Meh. If I must, I must.

I’d say it’s about what it does to your head, as most doesn’t seem to do anything to mine. I can think of dozens of “new ways to say something” - but unless other people accept and understand the vocabulary, it’s just gibberish… and even when they do, it’s just an arbitrarily created system.

1.) You say that it’s the easiest sort of art. 2.) A perceived lack of required thought is exactly why I’m railing against the margest part of modern/abstract art. 3.) I never said it was ‘invalid’. I’m not even certain what you mean by ‘valid’ in this context.

I think we’re seeing another problem with my use of the word abstract. In the (admittedly incorrect) way I use the word, written language is emphatically not abstract - it’s pretty much the opposite. Still waiting for someone to give me a better term.

And it’s Retarded Analogy Day again. Didn’t we just have one of those?
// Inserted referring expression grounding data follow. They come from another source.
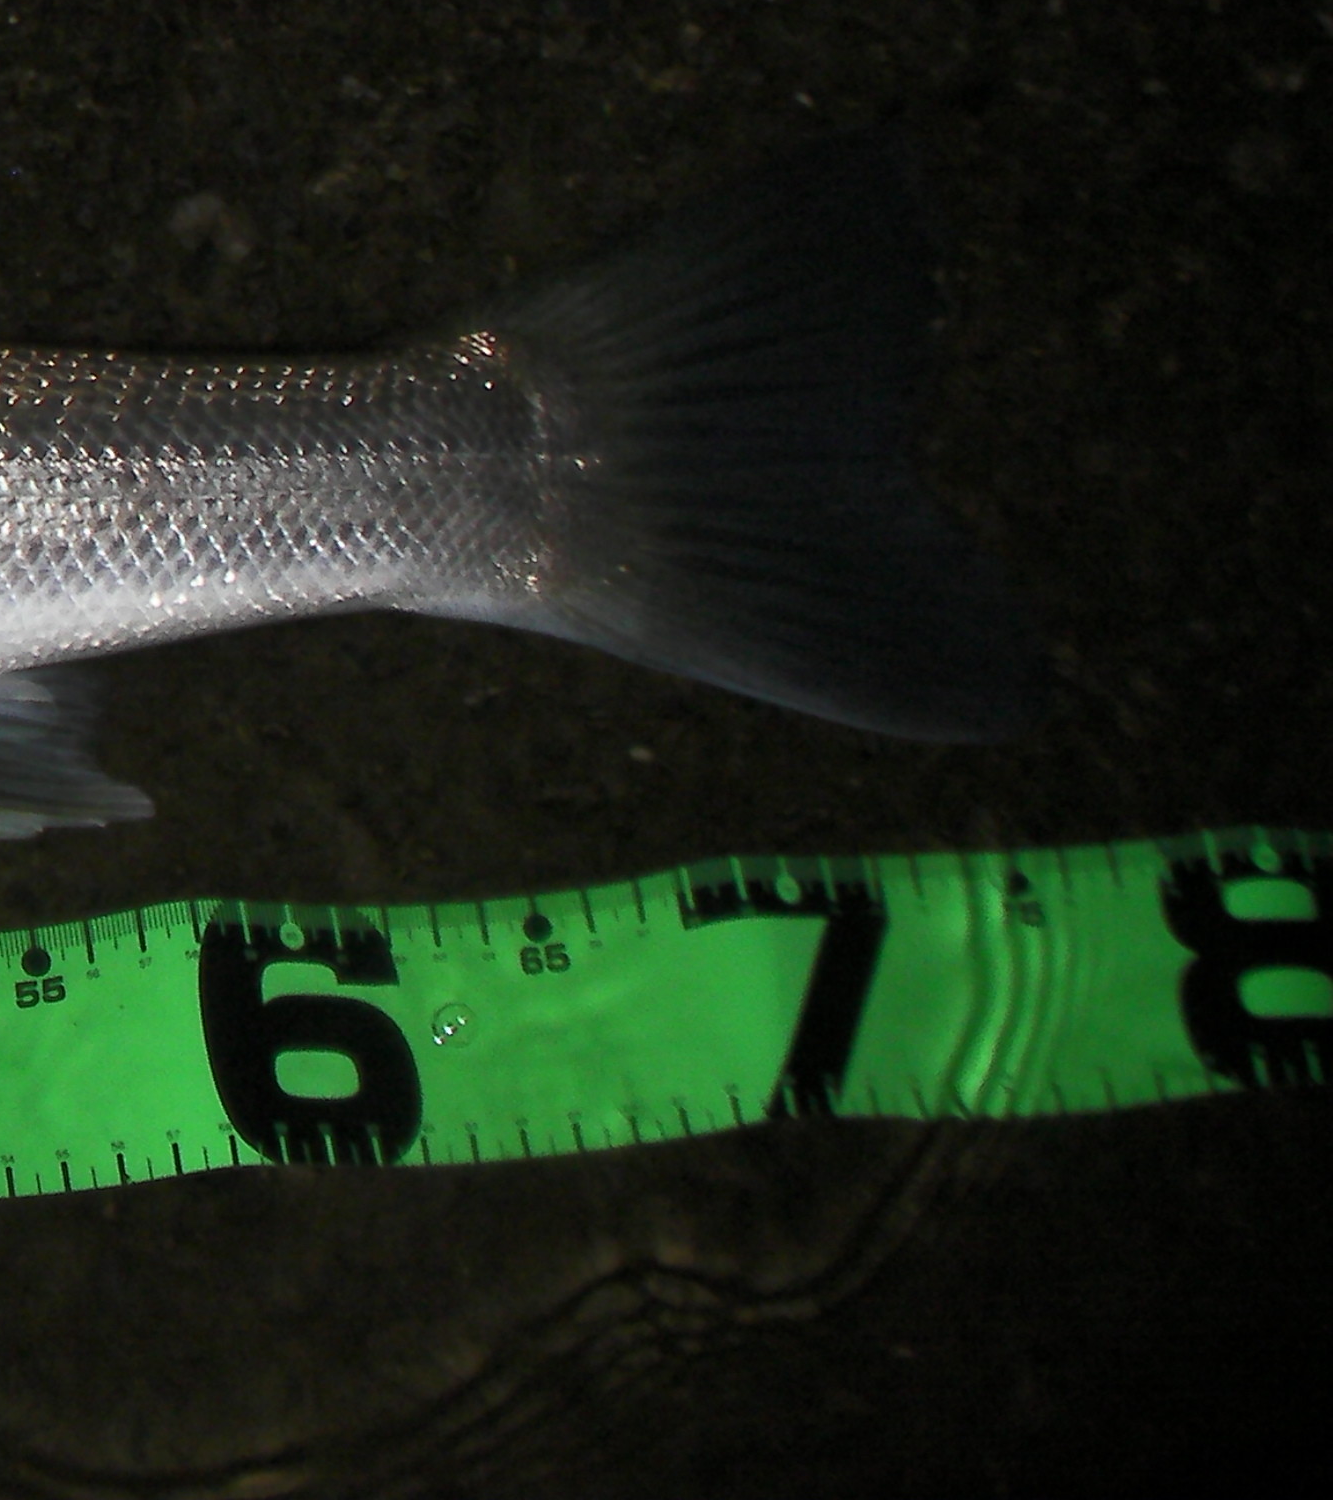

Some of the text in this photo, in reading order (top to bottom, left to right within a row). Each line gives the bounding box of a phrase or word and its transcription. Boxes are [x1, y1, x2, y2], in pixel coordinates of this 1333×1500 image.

[14, 975, 67, 1010] 55
[200, 903, 422, 1166] 6
[519, 943, 571, 977] 65
[677, 857, 889, 1117] 7
[1157, 833, 1333, 1098] 8
And I never said or thought that abstract art wasn’t art.

It’s hard to articulate. It’s like the difference from doing a pencil sketch of an elephant and coloring it in, and coloring in one found in a coloring book. Some of the choices - whether they’re difficult or not is a matter of opinion - have been made already. That’s why I suggested the alternative of something in the exact same style. Instead of coloring in the elephant in the coloring book, you draw a similar elephant in a different pose, and color that in.
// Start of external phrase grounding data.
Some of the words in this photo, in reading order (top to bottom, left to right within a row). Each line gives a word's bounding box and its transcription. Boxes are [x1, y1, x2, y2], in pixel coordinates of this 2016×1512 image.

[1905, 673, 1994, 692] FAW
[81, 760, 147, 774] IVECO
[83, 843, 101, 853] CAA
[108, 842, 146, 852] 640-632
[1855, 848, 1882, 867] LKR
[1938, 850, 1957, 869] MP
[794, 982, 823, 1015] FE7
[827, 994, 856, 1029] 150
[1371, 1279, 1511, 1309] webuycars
I suppose, though, that if a work is of sufficient complexity, it might become challenging to reproduce it exactly even using it as a reference.

You’re entitled to that opinion. I would disagree on the point of communication, but you may well be correct on the point of emotion.
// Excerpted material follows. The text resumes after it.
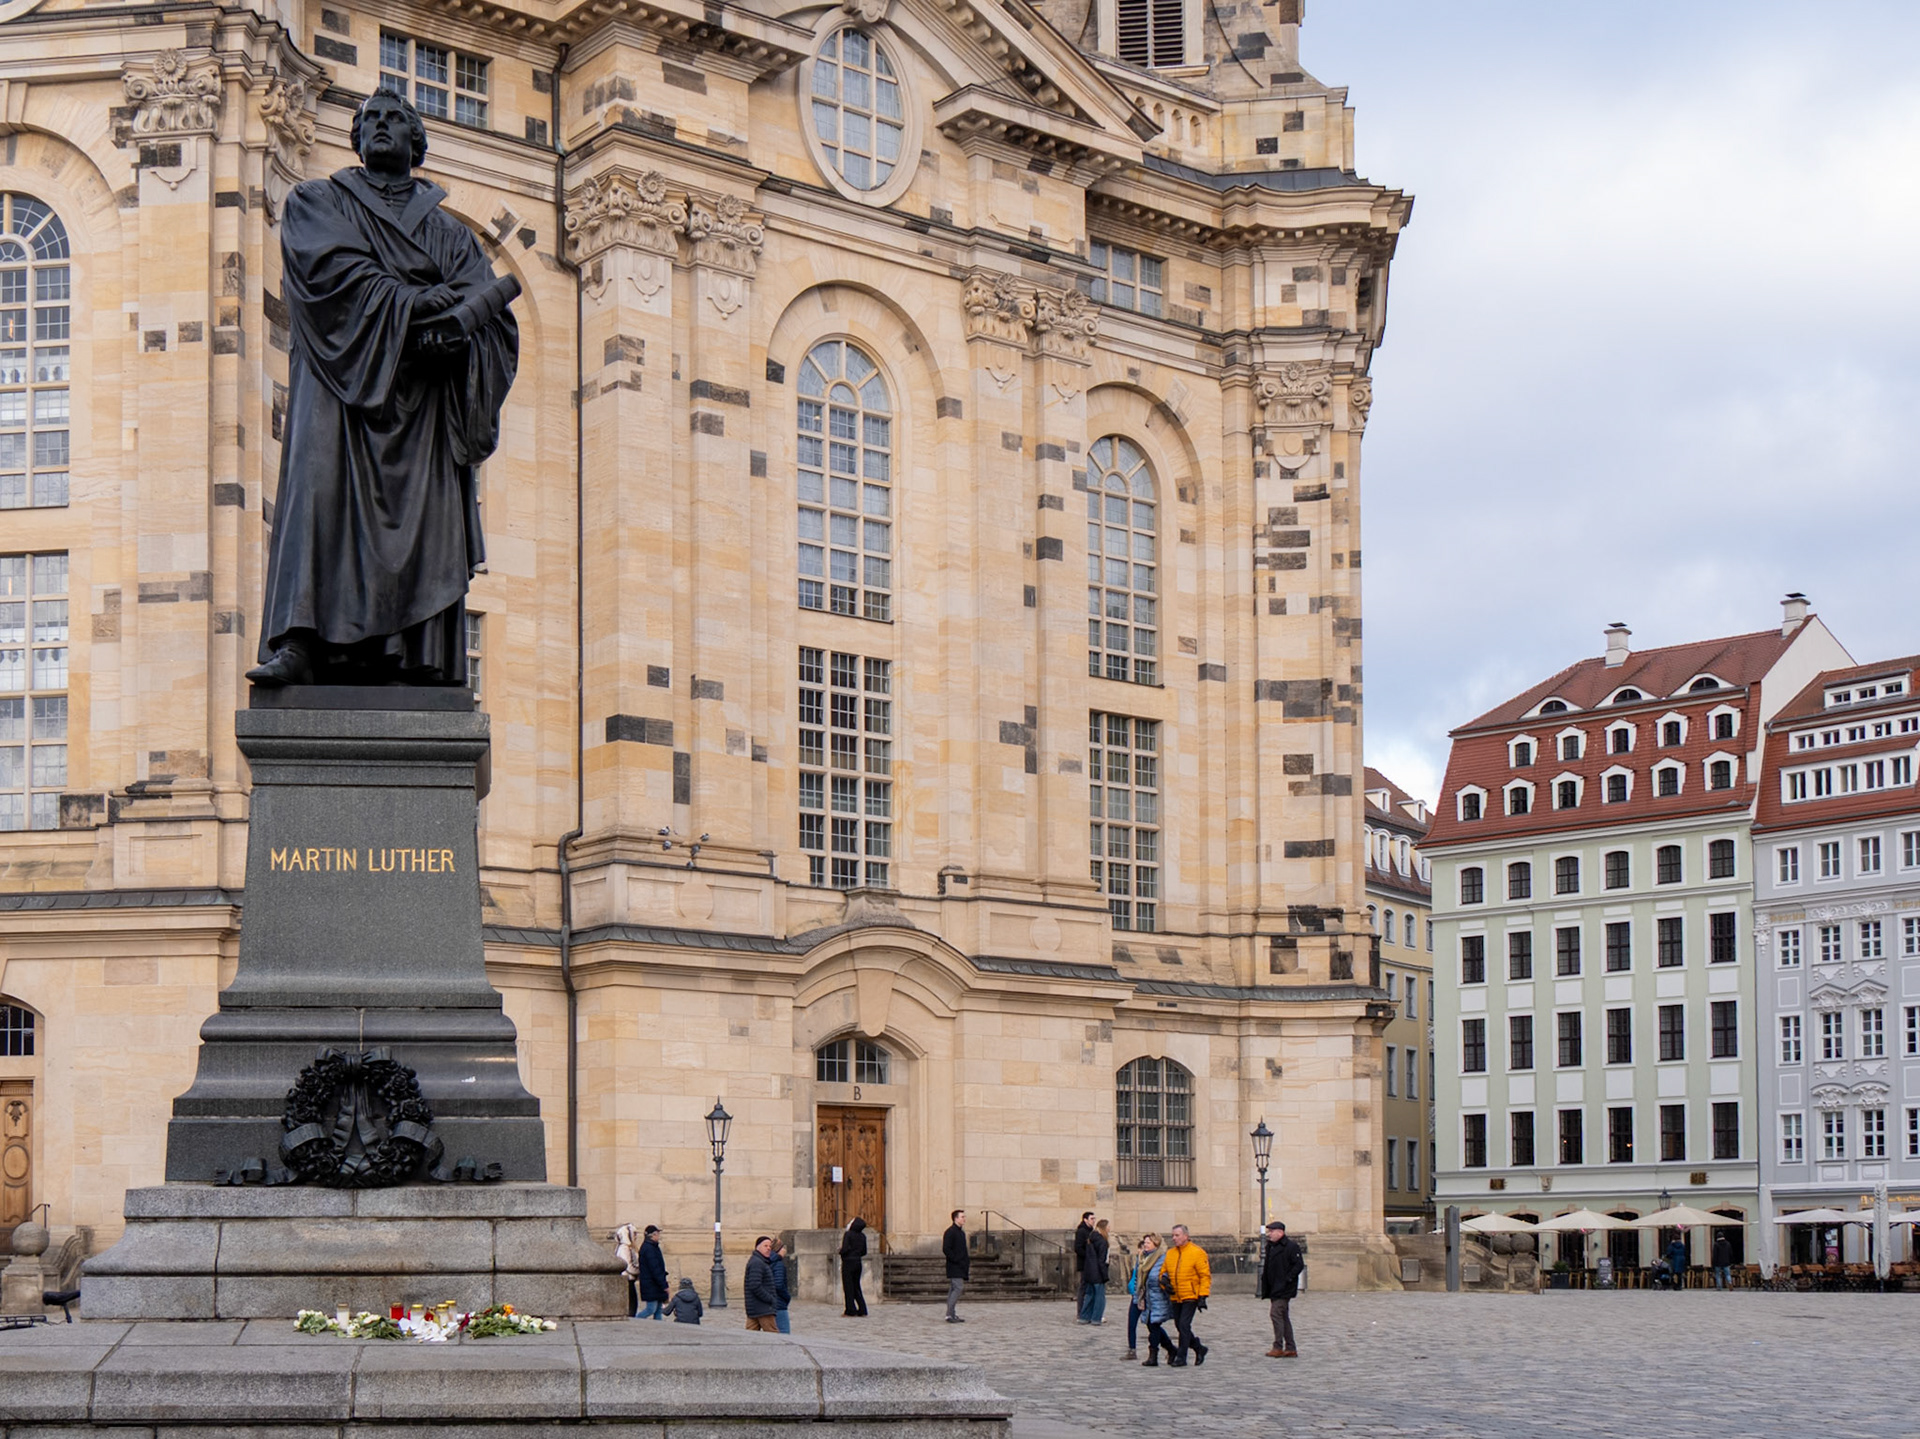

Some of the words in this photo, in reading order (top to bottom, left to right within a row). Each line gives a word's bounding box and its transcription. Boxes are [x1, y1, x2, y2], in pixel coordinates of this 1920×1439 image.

[270, 847, 357, 872] MARTIN
[368, 847, 455, 872] LUTHER
[853, 1085, 862, 1101] B
I stated my opinion. It caused an uproar. I attempt to explain. My opinion continues to be labelled ‘idiotic’. So I continue to explain, perhaps futilely, in the hope that some will acknowledge that, while they disagree, the opinion is a reasonable one.

And if you choose to see my ramblings as modern art - well, the definition of art is broad enough to allow you to do that. I do not. I’m just a poor debater with moderate articulative capabilities.

My esteemed opponents have initiated the namecalling in … every case, I think you’ll find.

You STILL don’t get it. Try to understand that in fact YOU introduced the insults to this discussion.

And yes, I say it’s the easiest kind of art to create, as a lifelong artist. Once you’ve chosen a subject (the only thought required in most representational art), the rest is just patience and industry and attention to detail. Representing emotion or thought is much, much more difficult than representing a bowl of fruit. (This is not an opinion open to debate, CG, it’s an indisputable fact.)

And it’s also indisputable that written language is completely abstract. It’s nothing but a learned convention that these words carry the meaning they carry. It’s just a system you have learned. To deny that there are other such systems is idiotic.

Rather than denying the meaning of the word, you should reconsider your understanding of why one abstract system is understandable to you while another is not.

The Icelandic analogy is actually extremely apt to communicate what I’m trying to communicate. Rather than saying the analogy doesn’t fit your current understanding, try to understand the sense of the analogy to perhaps ADD to your current understanding. THe purpose of my analogy is not to try to “match” your understanding of the subject, which seems to be the only criterion you’re applying, but to communicate a DIFFERENT understanding from the one you currently hold. I’m not trying to tell you what YOU mean, I’m trying to tell you what I mean.